So much of Aidan's journey has been about waiting. He waited for his transplant. The other day, we waited to talk to the GI nurse, then waited to get Sean to the PCP so he could get the varicella diagnosis confirmed, then hurried down to Children's Hospital .... to wait, to qualify for the Human Varicella Zoster Immunoglobulin.
Then we waited again. Waited to see how the virus took its course through Sean; waited to see if and when Aidan and his siblings would come down with the varicella.
Waiting takes a particular form. Up here at his grandma's cabin, we divide our days between walking with the stroller, walking down to the lake, watching Pokemon videos, playing with grandma's tops, playing in the sandbox, and then of course, meals. I talk to Liam about books and writing. I drive down to run a couple of errands with Kevin; I drop off Liam and pick up Clare, who talks about books and movies and brings a distinctive feminine element to our vigil up here in the mountains. It reminds me a bit of some of Aidan's "frequent flights" to the hospital, but I am not as lonely and here, the natural world is a consolation. It guides waiting into a peaceful cycle. The lake moves from silky tranquility to cheerful choppiness and back to a rosy stillness. More restful than the fluorescent light cycle and 4 hour vital sign check rhythm of the hospital. And there is more room to walk. Walking is a great aid to waiting.
I say lots of prayers. I call home several times a day to remind Sean to take his acyclovir, to inquire about changes for the better or worse, to assess his well being as well as I can over the phone. He never sounds really ill, and after a while, I expect less and less that he will have a difficult course with the varicella. It is Day Six now and the pocks are disappearing.

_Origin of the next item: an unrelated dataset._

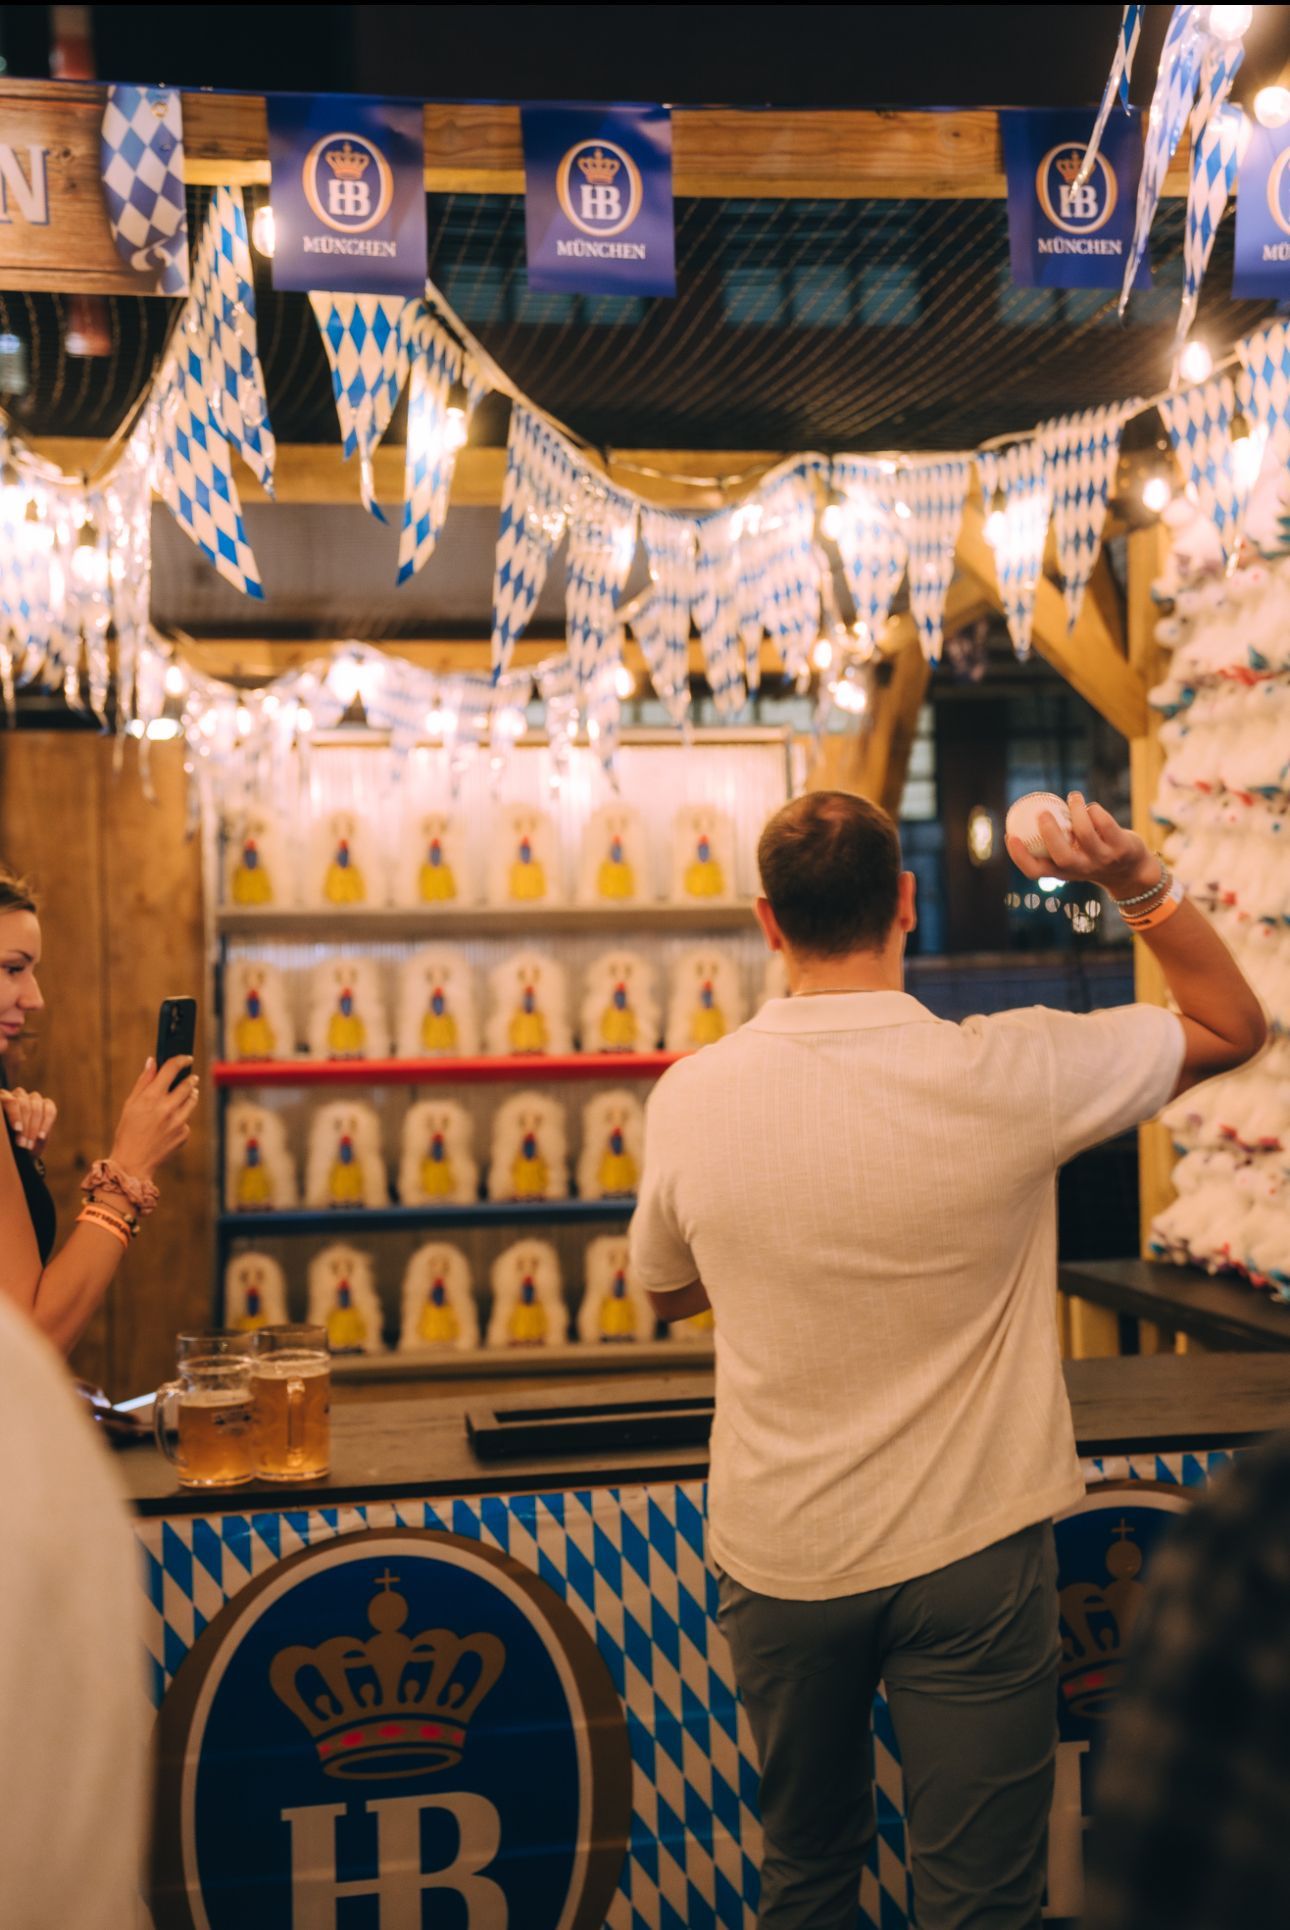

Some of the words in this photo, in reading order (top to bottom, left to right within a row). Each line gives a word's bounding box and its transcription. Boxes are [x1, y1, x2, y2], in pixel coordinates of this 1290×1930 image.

I make plans to come home.
We wait now for the beginning of the symptoms in his siblings.
Waiting is a discipline. I never knew how carefully you had to balance preparation and watchfulness with quietness and perseverance. It's like the days when we had to give Aidan his many medications through his feeding tube, slowly and with painstaking care, over the course of an hour. Too fast and the whole lot would come out. Too slow and we would be behind schedule, because not long after we got one lot in, it would be time for his next set of meds and we would start all over.
The waiting is like a stream flowing at a tranquil rate. There are eddies underneath, of stress and turmoil, but I have to put them aside for now. It could speed up any time and there would be white water and maybe even a cascade. Or the stream might ease itself almost imperceptibly back into calmness.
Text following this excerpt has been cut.